Y'all are all missing the real answer. CEOs have class solidarity with shareholders. Think about about how they all reacted to the death of the United health care CEO. They'll never get rid of them because they're one of them. Rich people all have a keen awareness of class consciousness and have great loyalty to one another.

Us? We're expendable. They want to replace us with machines that can't ask for anything and don't have rights. But they'll never get rid of one of their own. Think about how few CEOs get fired no matter how poor of a job they do.

P.S. Their high pay being because of risk is a myth. Ever heard of a thing called the golden parachute? CEOs never pay for their failures. In fact when they run a company into the ground, they're usually the ones that receive the biggest payouts.

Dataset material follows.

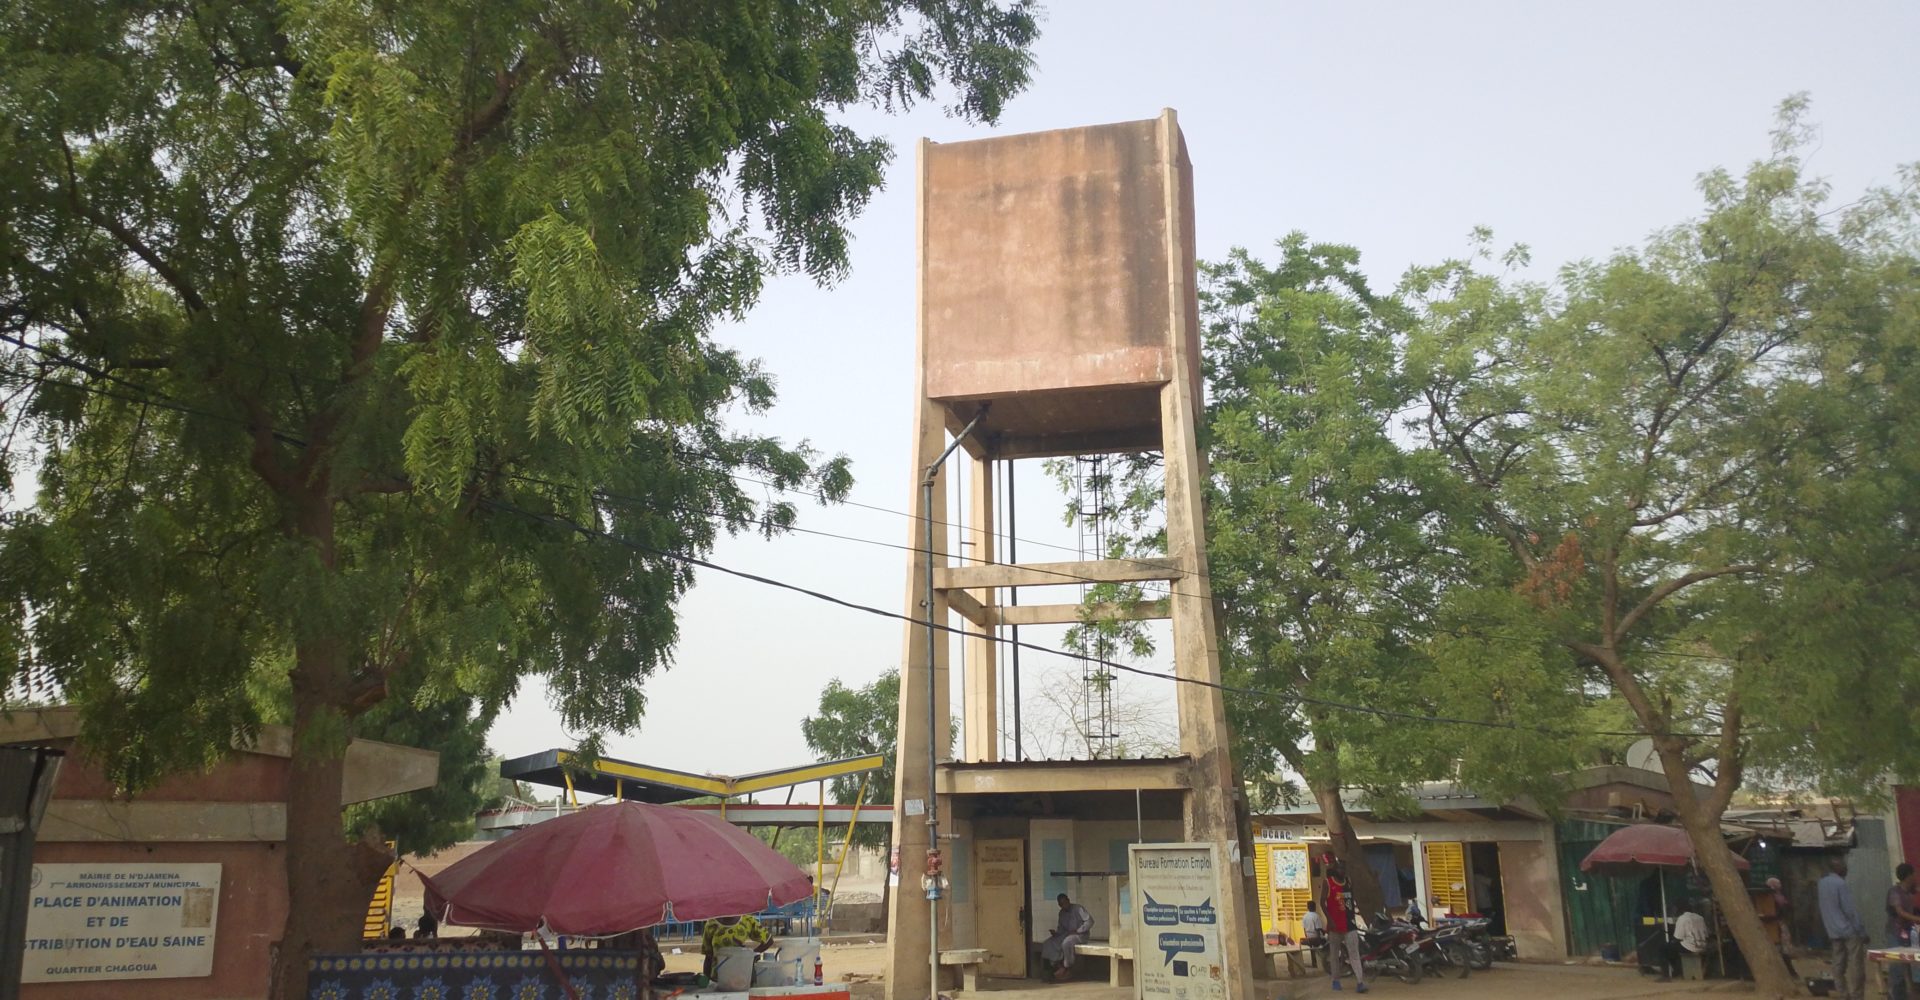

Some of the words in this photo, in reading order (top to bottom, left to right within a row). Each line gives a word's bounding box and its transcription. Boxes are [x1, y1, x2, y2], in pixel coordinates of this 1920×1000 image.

Not the employees.

[-] Yezzey@lemmy.ca 8 points 2 weeks ago

Loyalty lasts right up until the math says otherwise.

[-] fadingembers 5 points 2 weeks ago

The math has never made sense for CEOs

[-] roundup5381@sh.itjust.works 4 points 2 weeks ago

One must include social capital in the math

[-] Iron_Lynx@lemmy.world 18 points 2 weeks ago

> company gets super invested in AI.
> replaces CEO with AI.
> AI does AI stuff, hallucinaties, calls for something inefficient and illegal.
> 4 trillion investor dollars go up in flames.
> company goes under, taking AI hype market down with it

And nothing of value will be lost.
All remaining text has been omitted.